LIFE expectancy in Scotland has been dragged down by Tory austerity in a repeat of the impact from the economic policies of the 1980s Thatcher years, according to a public health expert.
Gerry McCartney, professor of wellbeing economy at Glasgow University, also warned that plans in Michael Gove’s levelling up strategy to narrow inequalities in healthy life expectancy are unlikely to succeed.
That has been echoed by a health charity, which has calculated under the current rate of progress the ambition for healthy life expectancy to rise by five years by 2035 would not be achieved in Scotland until 2080.
The UK Government’s plans for levelling up, outlined in a white paper last week, came as figures revealed the number of years that Scots can expect to live in good health has fallen for the last four years for women and the last three for men.
Shocking figures from the National Records of Scotland show those living in the most deprived areas have on average 24 fewer years in good health than those living in the least deprived areas.
Those in the poorest areas also die younger, and spend more than a third of their lives in poor health.
McCartney said overall life expectancy in Scotland had been improving for decades and decades until around 2012 – when the rate of increase stalled.
“Life expectancy essentially has been unchanged since 2012, up until 2020 and the pandemic, which has led to a decrease in life expectancy compared to the pre-pandemic time period,” he said.
“But for people living in more deprived areas in Scotland, life expectancy is actually getting worse since 2012.
“So the 40% poorest or most deprived areas in Scotland have seen a decline in their life expectancy since 2012, whilst it has improved a little bit in the least deprived areas, although even there at a much lower rate than previously.”
McCartney said various reasons had been put forward for the causes of the decline in progress – such as a severe flu season in 2015, the role of drug-related deaths or deaths from heart disease.

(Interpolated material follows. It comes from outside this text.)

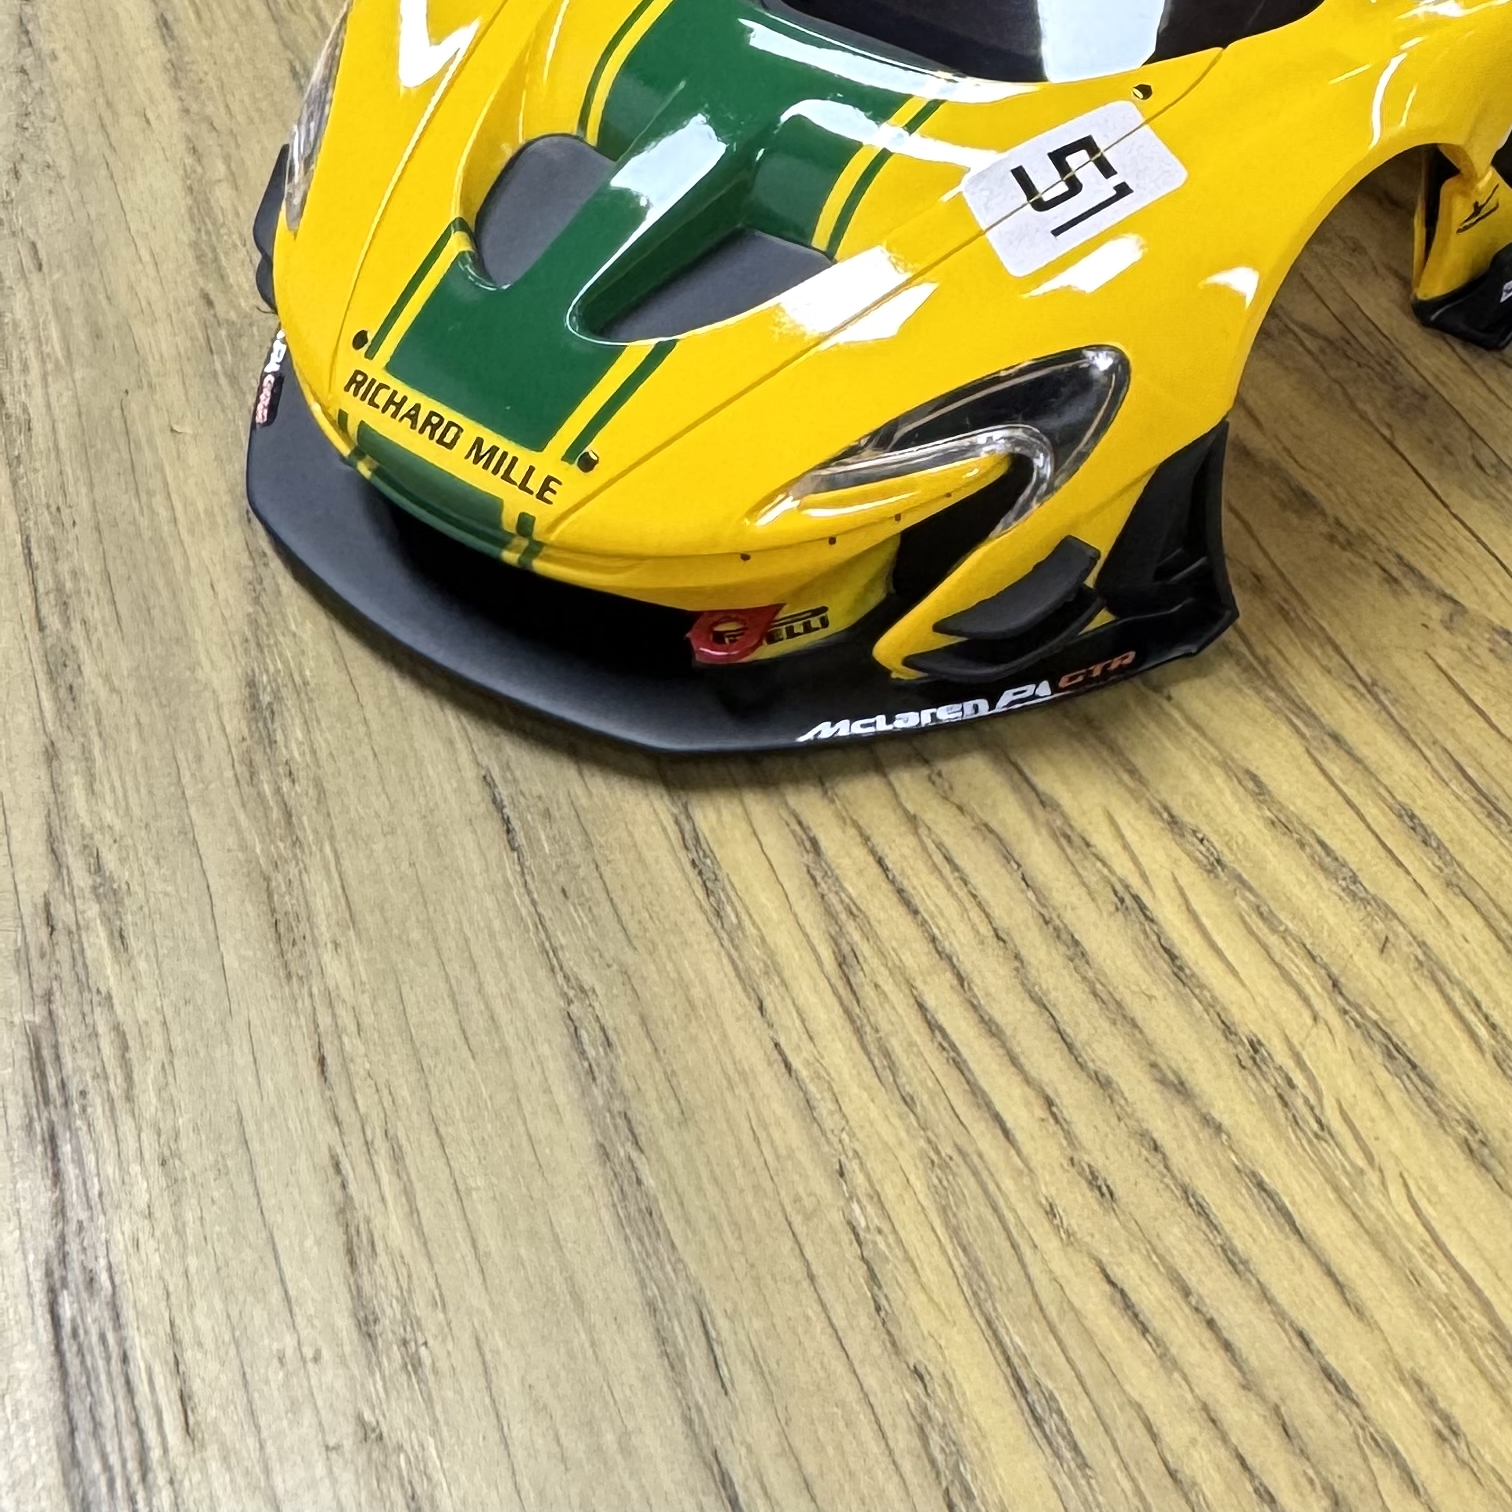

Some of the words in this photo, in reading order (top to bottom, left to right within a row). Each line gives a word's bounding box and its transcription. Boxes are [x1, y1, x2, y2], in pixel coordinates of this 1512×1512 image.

But he said evidence shows “fairly clearly” that the change in economic policy after 2010 – when the Tories came to power at Westminster – is explaining the trends.
This includes issues such as cuts to benefits, low wage growth, an increase in zero hour contracts and in-work poverty.
“As we have lookwed at all these different causes, it is becoming increasingly clear that it is the underlying economic policies that are the root of this – so what you might term austerity,” McCartney said.
“The manifestation of that in the UK has been cuts to the real term value of social security benefits and increased conditionality,
“Another huge manifestation of the austerity programme was a reduction in the funding for local government, so that has meant in practical terms jobs going within local government, but also services being reduced to the statutory minimum in many places.
“We have also seen macroeconomic consequences – what has happened to people’s wages and incomes over time.”
McCartney said it was similar to the pattern which happened following the 1980s.
He said: “You see lagged effects from decades ago of urban planning, policy decisions and the 1980s economic changes and how that translated into people’s alcohol deaths a decade or two decades later. So it is not unprecedented.”
But he added: “These inequalities haven’t always been this wide – inequalities in health and mortality reduced between the 1920s and the 1970s in Scotland and across the UK.
“This was because we had policies at the time which built up the welfare state, they created the NHS, council housing, narrowed income inequalities, increased the power of organised labour, and brought many utilities and things into public ownership.”
McCartney argued the UK Government’s levelling up strategy is unlikely to achieve its aims for a number of reasons, including that much of the funding involved is old money that used to be in place through EU structural funds.
Gove’s plan also announced Glasgow as one of the UK’s “innovation accelerator” centres, focusing on research and development, similar to the model of Silicon Valley in the US.
McCartney added: “This kind of investment in innovation and regeneration doesn’t address the fundamental causes of health inequalities. For that kind of innovation-led regeneration, we have reviewed the evidence on that previously and there is no evidence that provides work or income for the poorest groups.
“That said, if the policy was to redistribute capital investment from the south-east of England to elsewhere, there might be some hope for it. But I have not seen any evidence yet that this policy would achieve that aim at present.”
David Finch, assistant director in the Healthy Lives team at the charity Health Foundation, said improvements in healthy life expectancy had been lost again in Scotland in recent years.
“If you take the rate of improvement between 2009-11 and 2017-19 for male health life expectancy in Scotland, it would take until 2080 for an extra five years of healthy life expectancy to build on top,” he said.
“For women it’s actually a worse picture in Scotland – and England as well – where healthy life expectancy has been falling in the period before.
“So there is a much bigger challenge for female life expectancy too to reverse the negative trend and then add five years on top as well.”
He said if the ambitious goals in the white paper on factors such as employment, housing, access to local services and equality could be met then it would improve future health.
He added: “Where the gap exists is between the ambition and the actual content of the paper – there was very little extra there that would directly improve some of the risk factors associated with health, but also some of those wider determinants of health.
“There is a commitment for a white paper looking specifically at health improvement and disparities. Our concern is whether it takes, as historically happens, a fairly narrow focus on things like obesity, smoking, drug and alcohol abuse.
“These are important factors for health, but it really needs to take a cross-government approach and set out some more clarity.”